═════ Given records

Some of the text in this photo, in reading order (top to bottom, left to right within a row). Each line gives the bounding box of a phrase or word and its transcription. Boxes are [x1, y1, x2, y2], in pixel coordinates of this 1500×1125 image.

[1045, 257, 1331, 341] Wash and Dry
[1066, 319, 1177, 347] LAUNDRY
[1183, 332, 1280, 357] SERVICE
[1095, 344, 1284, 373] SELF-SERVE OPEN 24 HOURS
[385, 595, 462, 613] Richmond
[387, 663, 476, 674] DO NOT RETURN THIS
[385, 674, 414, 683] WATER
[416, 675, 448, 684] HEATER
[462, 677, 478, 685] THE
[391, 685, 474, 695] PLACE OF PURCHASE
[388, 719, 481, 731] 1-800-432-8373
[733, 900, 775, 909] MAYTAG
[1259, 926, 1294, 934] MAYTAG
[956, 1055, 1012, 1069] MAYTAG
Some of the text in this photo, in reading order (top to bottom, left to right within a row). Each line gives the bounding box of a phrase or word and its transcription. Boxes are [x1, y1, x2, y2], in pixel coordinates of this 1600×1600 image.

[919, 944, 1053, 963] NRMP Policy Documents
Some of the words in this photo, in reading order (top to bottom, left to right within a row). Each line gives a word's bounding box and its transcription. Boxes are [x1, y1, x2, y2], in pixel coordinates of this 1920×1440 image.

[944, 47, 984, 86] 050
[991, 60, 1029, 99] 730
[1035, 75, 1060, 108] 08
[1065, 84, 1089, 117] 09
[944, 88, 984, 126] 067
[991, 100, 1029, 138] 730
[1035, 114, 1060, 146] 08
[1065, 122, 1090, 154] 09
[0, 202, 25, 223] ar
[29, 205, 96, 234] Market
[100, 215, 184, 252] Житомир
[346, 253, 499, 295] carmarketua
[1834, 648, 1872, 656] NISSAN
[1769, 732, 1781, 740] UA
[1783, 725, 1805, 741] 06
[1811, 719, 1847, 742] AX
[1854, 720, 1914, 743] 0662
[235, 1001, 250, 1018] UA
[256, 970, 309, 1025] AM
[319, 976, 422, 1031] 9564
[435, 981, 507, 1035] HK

══════════

**How to complete this task:** Output the data once more, exactly as it appears above.

**Answer to this exercise:**
Some of the text in this photo, in reading order (top to bottom, left to right within a row). Each line gives the bounding box of a phrase or word and its transcription. Boxes are [x1, y1, x2, y2], in pixel coordinates of this 1500×1125 image.

[1045, 257, 1331, 341] Wash and Dry
[1066, 319, 1177, 347] LAUNDRY
[1183, 332, 1280, 357] SERVICE
[1095, 344, 1284, 373] SELF-SERVE OPEN 24 HOURS
[385, 595, 462, 613] Richmond
[387, 663, 476, 674] DO NOT RETURN THIS
[385, 674, 414, 683] WATER
[416, 675, 448, 684] HEATER
[462, 677, 478, 685] THE
[391, 685, 474, 695] PLACE OF PURCHASE
[388, 719, 481, 731] 1-800-432-8373
[733, 900, 775, 909] MAYTAG
[1259, 926, 1294, 934] MAYTAG
[956, 1055, 1012, 1069] MAYTAG
Some of the text in this photo, in reading order (top to bottom, left to right within a row). Each line gives the bounding box of a phrase or word and its transcription. Boxes are [x1, y1, x2, y2], in pixel coordinates of this 1600×1600 image.

[919, 944, 1053, 963] NRMP Policy Documents
Some of the words in this photo, in reading order (top to bottom, left to right within a row). Each line gives a word's bounding box and its transcription. Boxes are [x1, y1, x2, y2], in pixel coordinates of this 1920×1440 image.

[944, 47, 984, 86] 050
[991, 60, 1029, 99] 730
[1035, 75, 1060, 108] 08
[1065, 84, 1089, 117] 09
[944, 88, 984, 126] 067
[991, 100, 1029, 138] 730
[1035, 114, 1060, 146] 08
[1065, 122, 1090, 154] 09
[0, 202, 25, 223] ar
[29, 205, 96, 234] Market
[100, 215, 184, 252] Житомир
[346, 253, 499, 295] carmarketua
[1834, 648, 1872, 656] NISSAN
[1769, 732, 1781, 740] UA
[1783, 725, 1805, 741] 06
[1811, 719, 1847, 742] AX
[1854, 720, 1914, 743] 0662
[235, 1001, 250, 1018] UA
[256, 970, 309, 1025] AM
[319, 976, 422, 1031] 9564
[435, 981, 507, 1035] HK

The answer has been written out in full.